**WORK INSTRUCTION:** In the answer, each line must appear exactly as in the records, and no picture may appear.

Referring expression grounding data
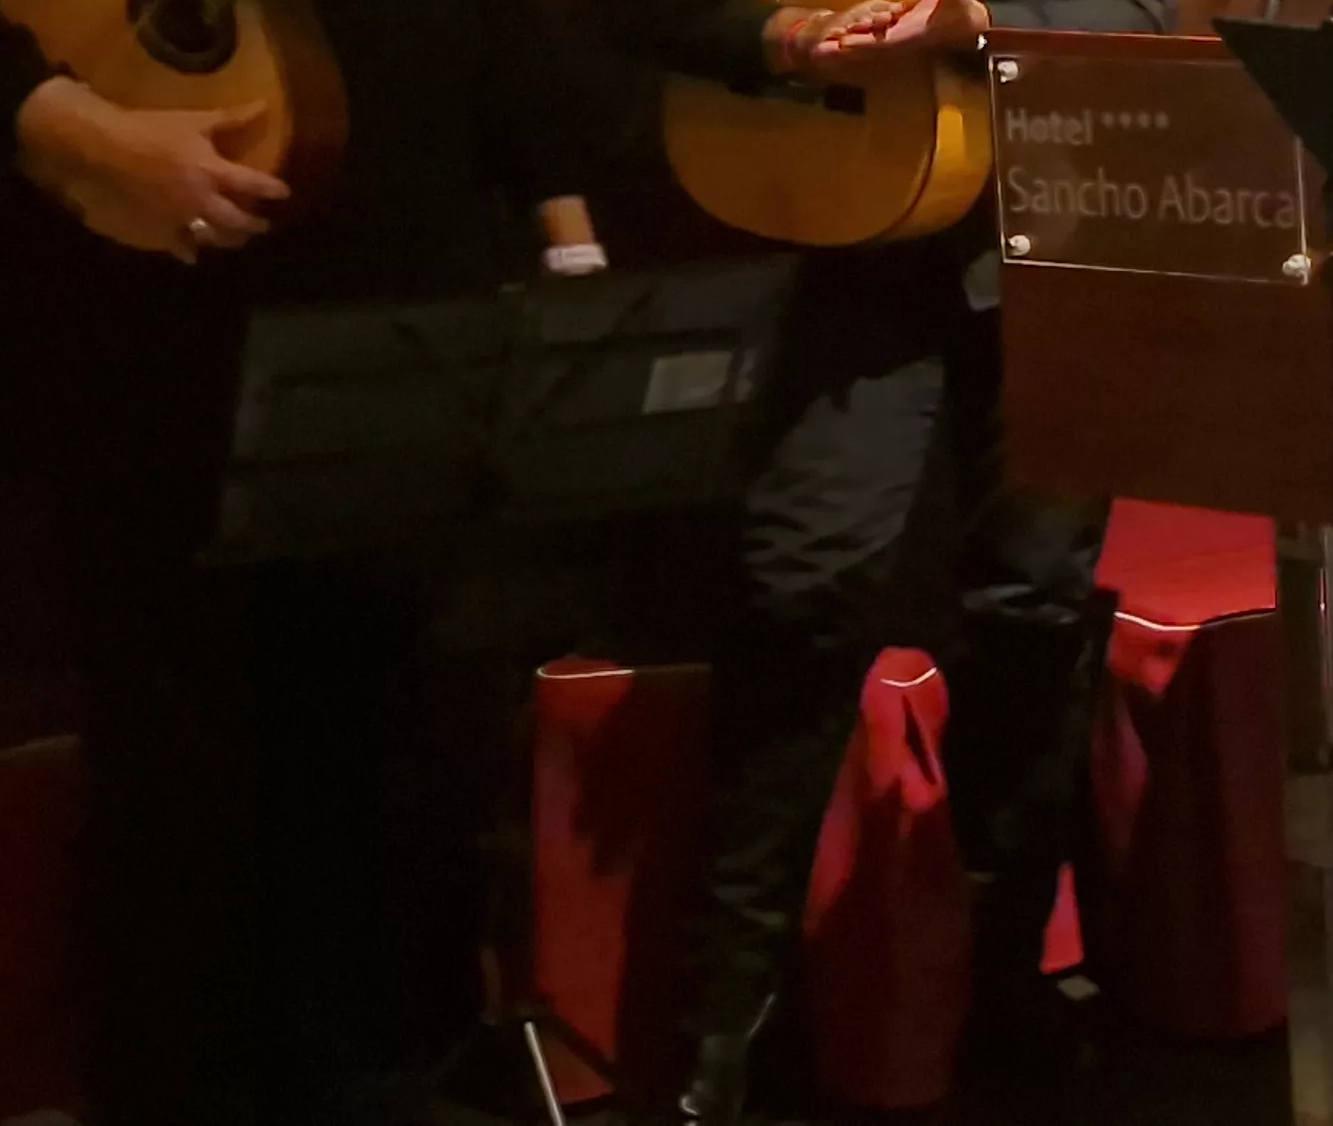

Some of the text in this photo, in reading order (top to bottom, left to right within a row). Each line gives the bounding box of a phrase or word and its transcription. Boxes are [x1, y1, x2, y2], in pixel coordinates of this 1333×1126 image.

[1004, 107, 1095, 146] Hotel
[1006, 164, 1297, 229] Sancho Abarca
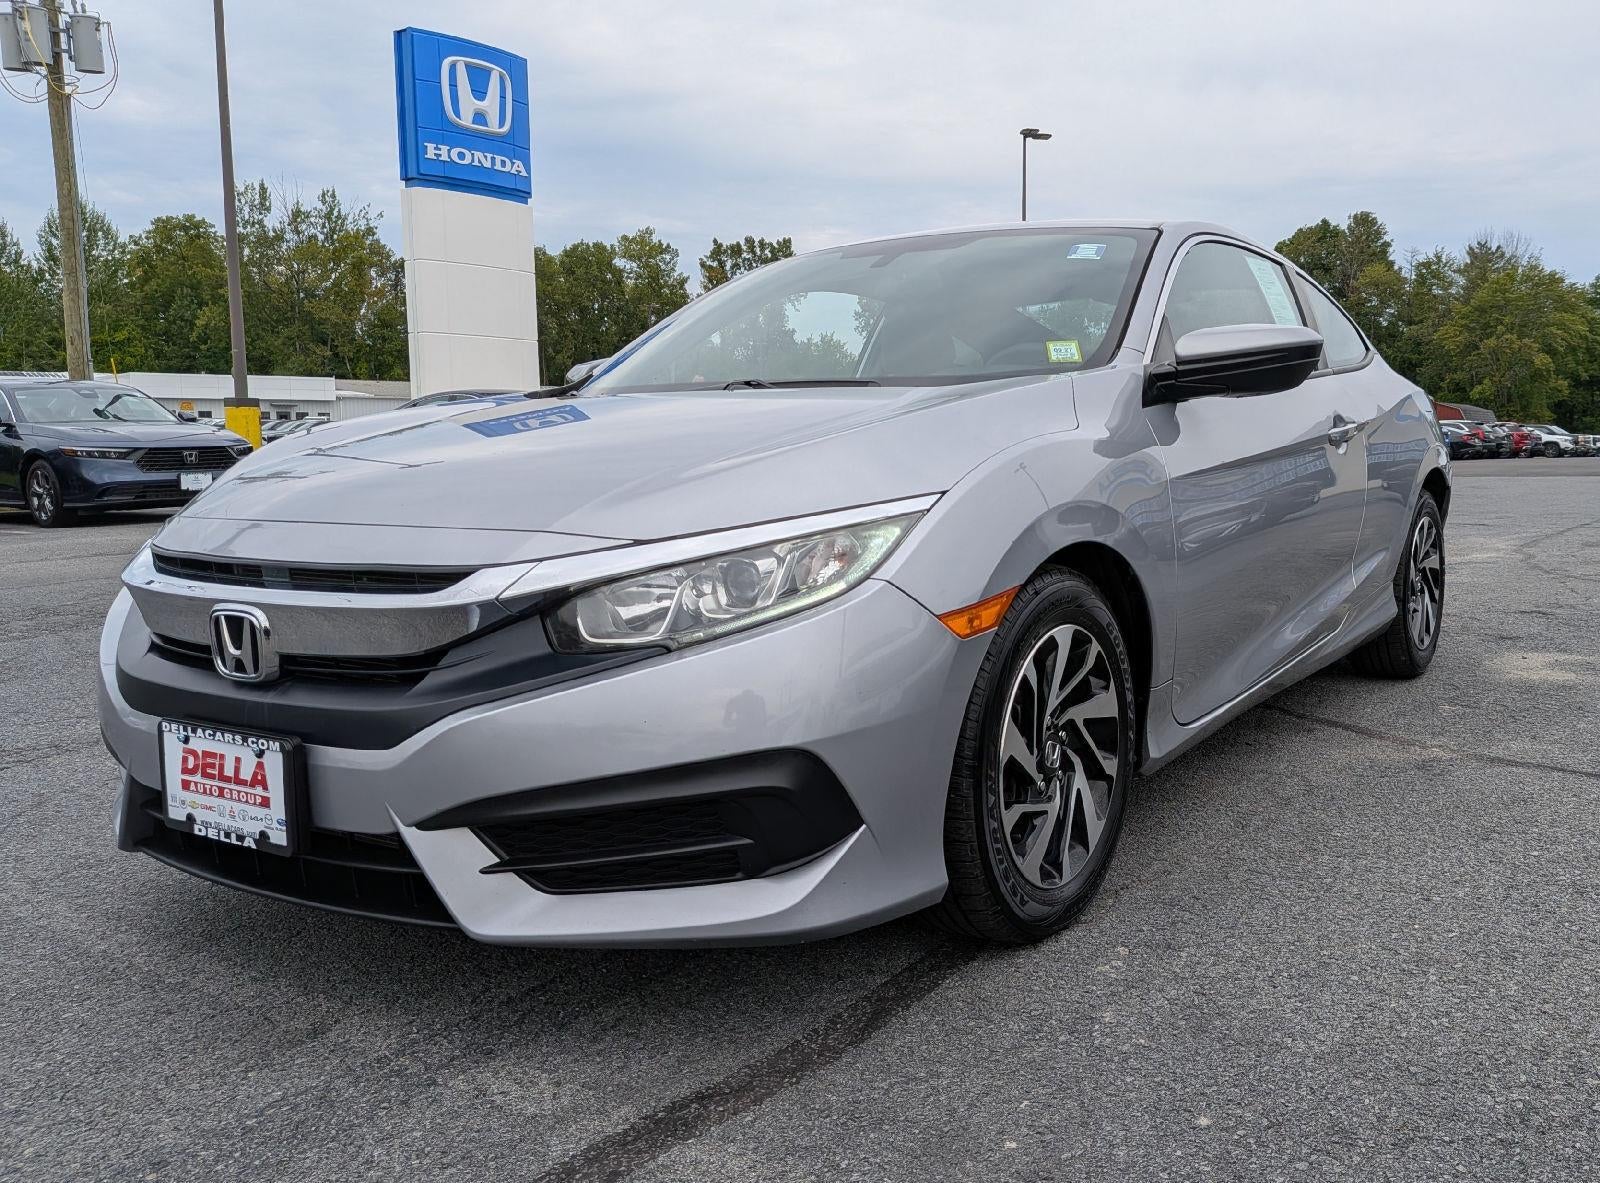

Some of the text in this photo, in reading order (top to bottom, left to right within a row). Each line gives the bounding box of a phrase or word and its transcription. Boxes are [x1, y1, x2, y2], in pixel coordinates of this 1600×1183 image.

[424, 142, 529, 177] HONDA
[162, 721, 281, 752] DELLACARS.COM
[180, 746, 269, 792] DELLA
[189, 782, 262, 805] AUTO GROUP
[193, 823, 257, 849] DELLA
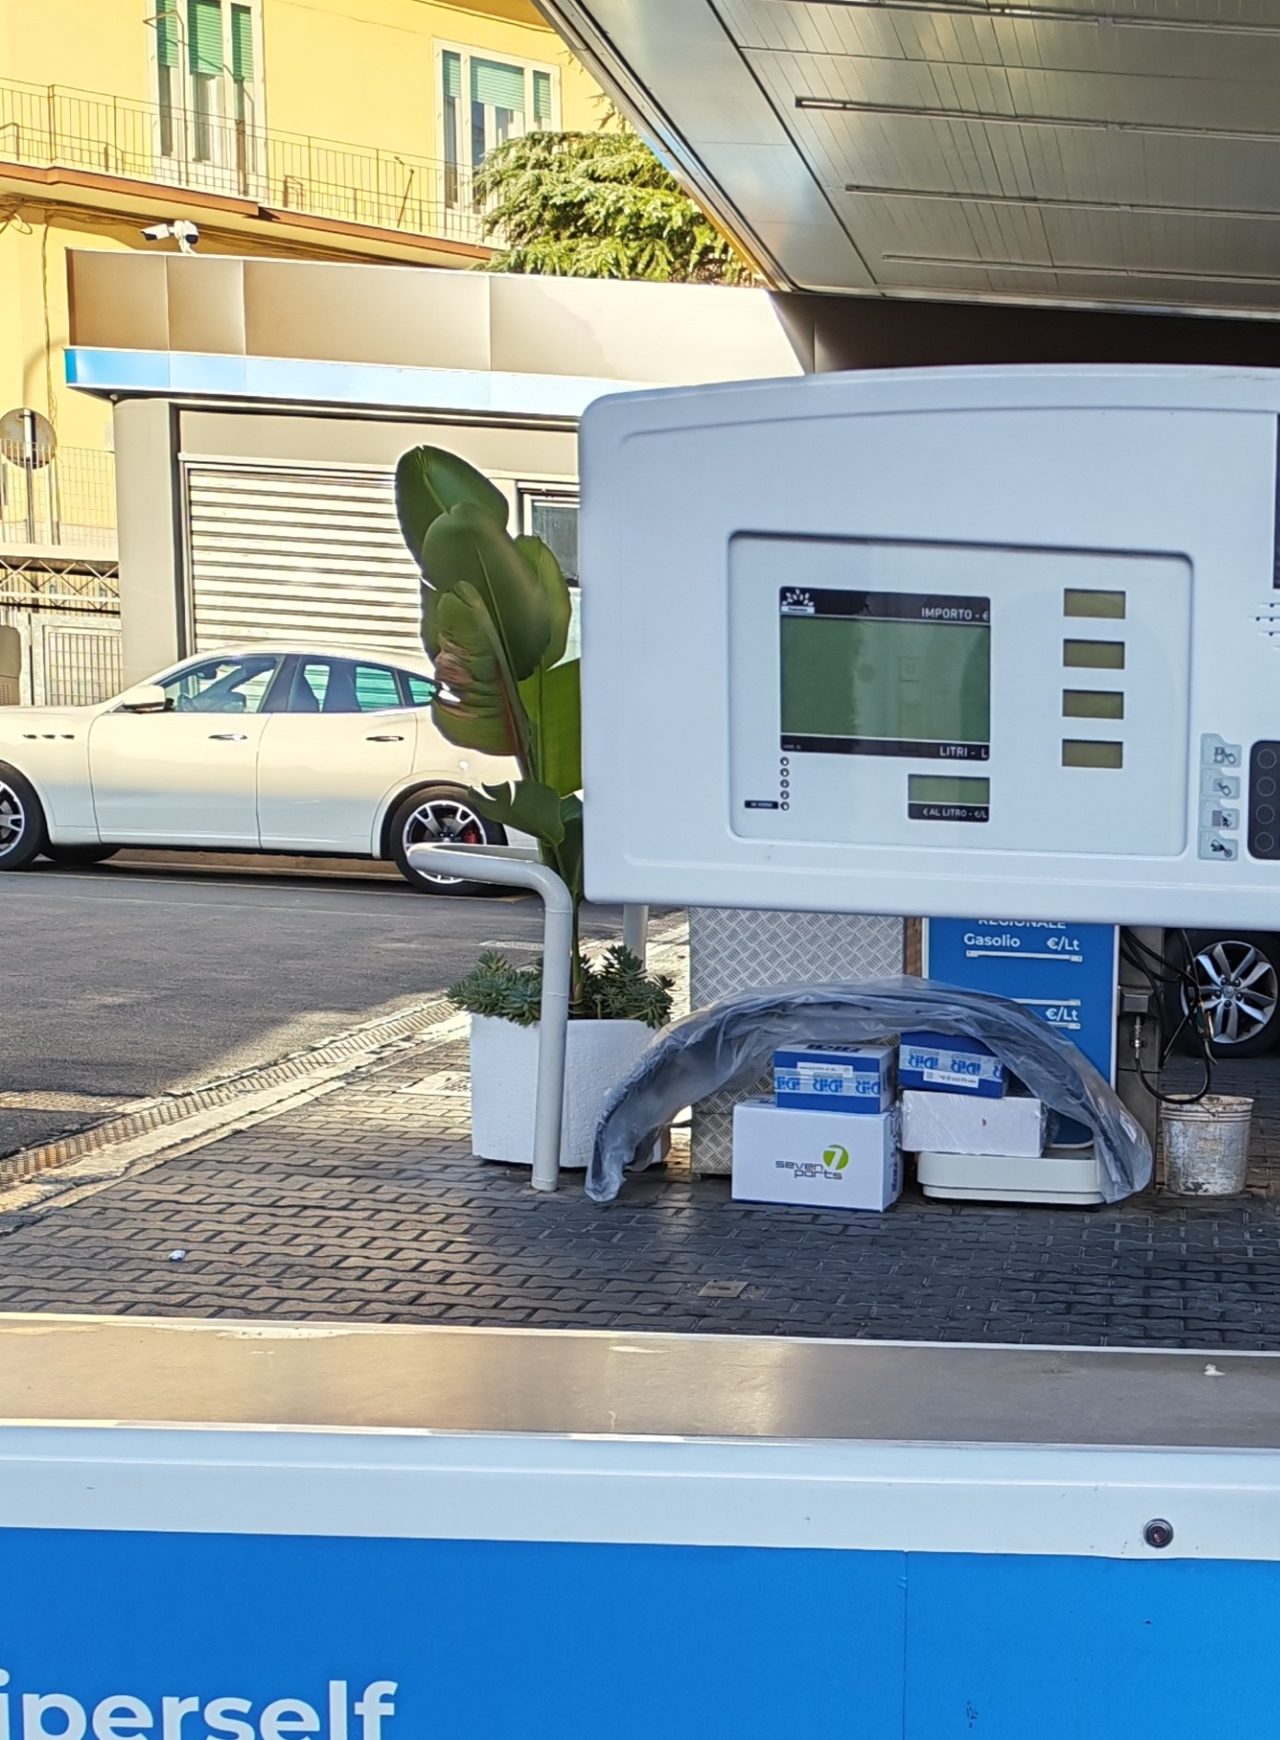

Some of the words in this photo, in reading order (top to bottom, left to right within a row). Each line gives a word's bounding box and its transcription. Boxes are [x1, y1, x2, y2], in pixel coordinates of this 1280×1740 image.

**RESULT OF THE TASK:**
Some of the text in this photo, in reading order (top to bottom, left to right within a row). Each line gives the bounding box of a phrase or word and its transcription. Boxes are [x1, y1, x2, y2], in pixel coordinates of this 1333×1126 image.

[1004, 107, 1095, 146] Hotel
[1006, 164, 1297, 229] Sancho Abarca

Some of the text in this photo, in reading order (top to bottom, left to right within a row). Each line gives the bounding box of a phrase or word and its transcription. Boxes are [x1, y1, x2, y2], in pixel coordinates of this 1600×1183 image.

[424, 142, 529, 177] HONDA
[162, 721, 281, 752] DELLACARS.COM
[180, 746, 269, 792] DELLA
[189, 782, 262, 805] AUTO GROUP
[193, 823, 257, 849] DELLA

Some of the words in this photo, in reading order (top to bottom, left to right within a row). Each line gives a word's bounding box and its transcription. Boxes are [x1, y1, x2, y2], in pixel coordinates of this 1280×1740 image.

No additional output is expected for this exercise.